80s Flashback Block Party: Son of SDI

strangelove

I found that Twain bit during a long web search for something I couldn’t find: a satire on new weapons technology from the 1860s that is anthologized in The Sub-Treasury of American Humor. I can’t find that book in my house yet either; the search continues. It’s a lovely bit of writing and entirely appropriate today.

The whole search was sparked by this hilarious/horrible article on the return of the discredited, stupid, and entirely evil “Brilliant Pebbles” weapons project, part of the Reagan era Strategic Defense Initiative that was popularly known as the “Star Wars” system.

This is courtesy of Lowell Wood, our current living Strangelove. A disciple of Teller, he believed in every mad science approach to strategic defense: killer satellites, nuclear explosions in space, throwing rocks really fast at missiles, and X-ray lasers. The last one is a beauty: nuclear bombs in satellites would be detonated and their radiation focused into laser beams.

Wood’s still at it. His entire career and ego are attached to the scheme.

4 thoughts on “80s Flashback Block Party: Son of SDI

  1. Haven’t they come up with any new ideas since the 80s? I remember articles in Discover Magazine that had all this shit laid out. Nuclear-ignited excimer lasers, hunter-killer satellites, brilliant pebbles – hell, it’s all from some kind of golden age of sci-fi delusion.

  2. if I recall the x-ray lasers where a good idea with one small problem. How do you get the bomb’s into space in a way that that will not cause major problems if a launch failed.

    1. There’s also the issue of lighting off nuclear weapons in near orbital space, especially ones designed to create the maximum amount of gamma radiation.
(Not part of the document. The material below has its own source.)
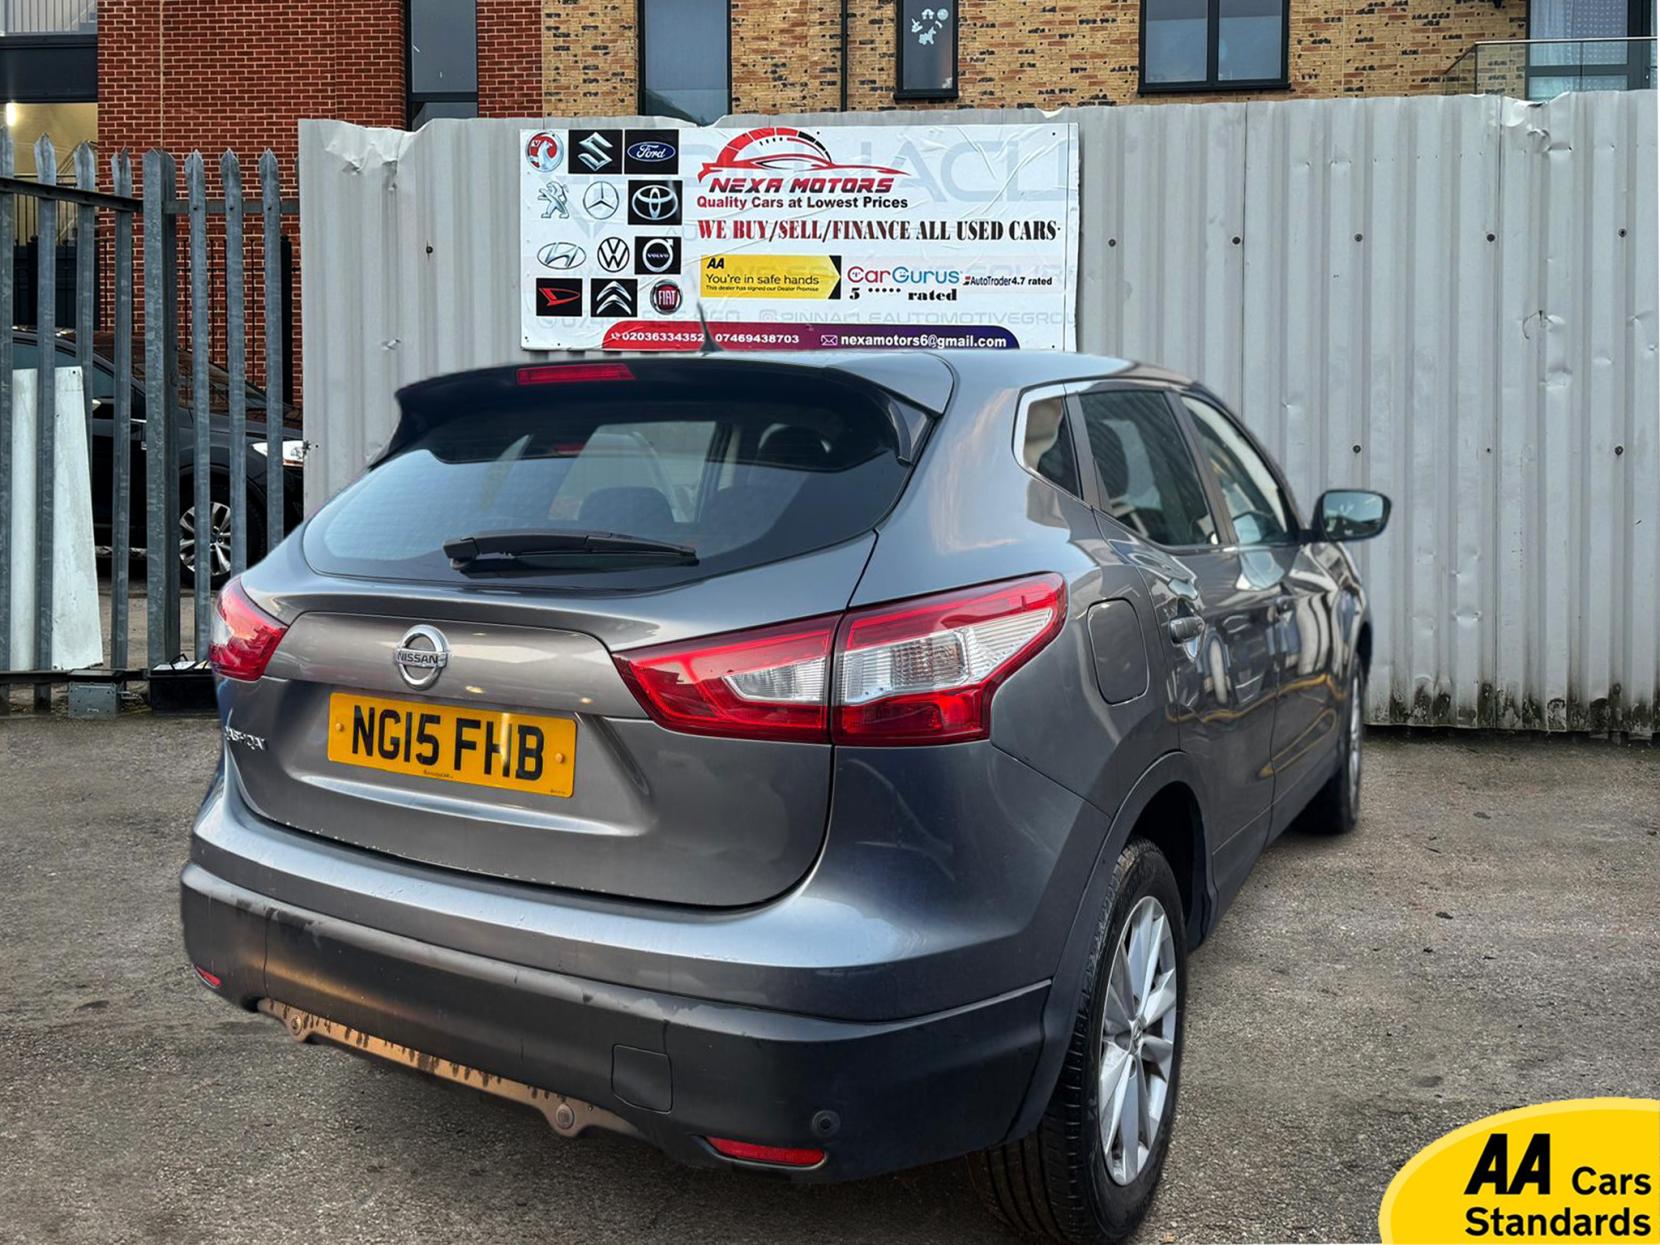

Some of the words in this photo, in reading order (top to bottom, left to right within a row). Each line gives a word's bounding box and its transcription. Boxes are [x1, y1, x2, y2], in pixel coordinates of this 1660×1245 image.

  3. I read Teller’s War many years ago. To this day I remember the story of one of the researchers who worked in the same facility. He became increasingly disturbed at the unhinged mania for superweapons that Teller’s people had, and he started coming in at night and working half-heartedly on his own smaller projects.
    One day, sleep-deprived and in a meeting with some X-Ray laser lunatics, he found himself blurting out an idea for focusing a nuclear blast using special rods. Teller’s people pounced on the idea, and it became one of their showpiece concepts: Excalibur.
    But the researcher was horrified at what he’d done. He dropped out of the story after that — it seems he was never quite the same man again.
    (at least I think that’s how it went — I don’t have that book any more.)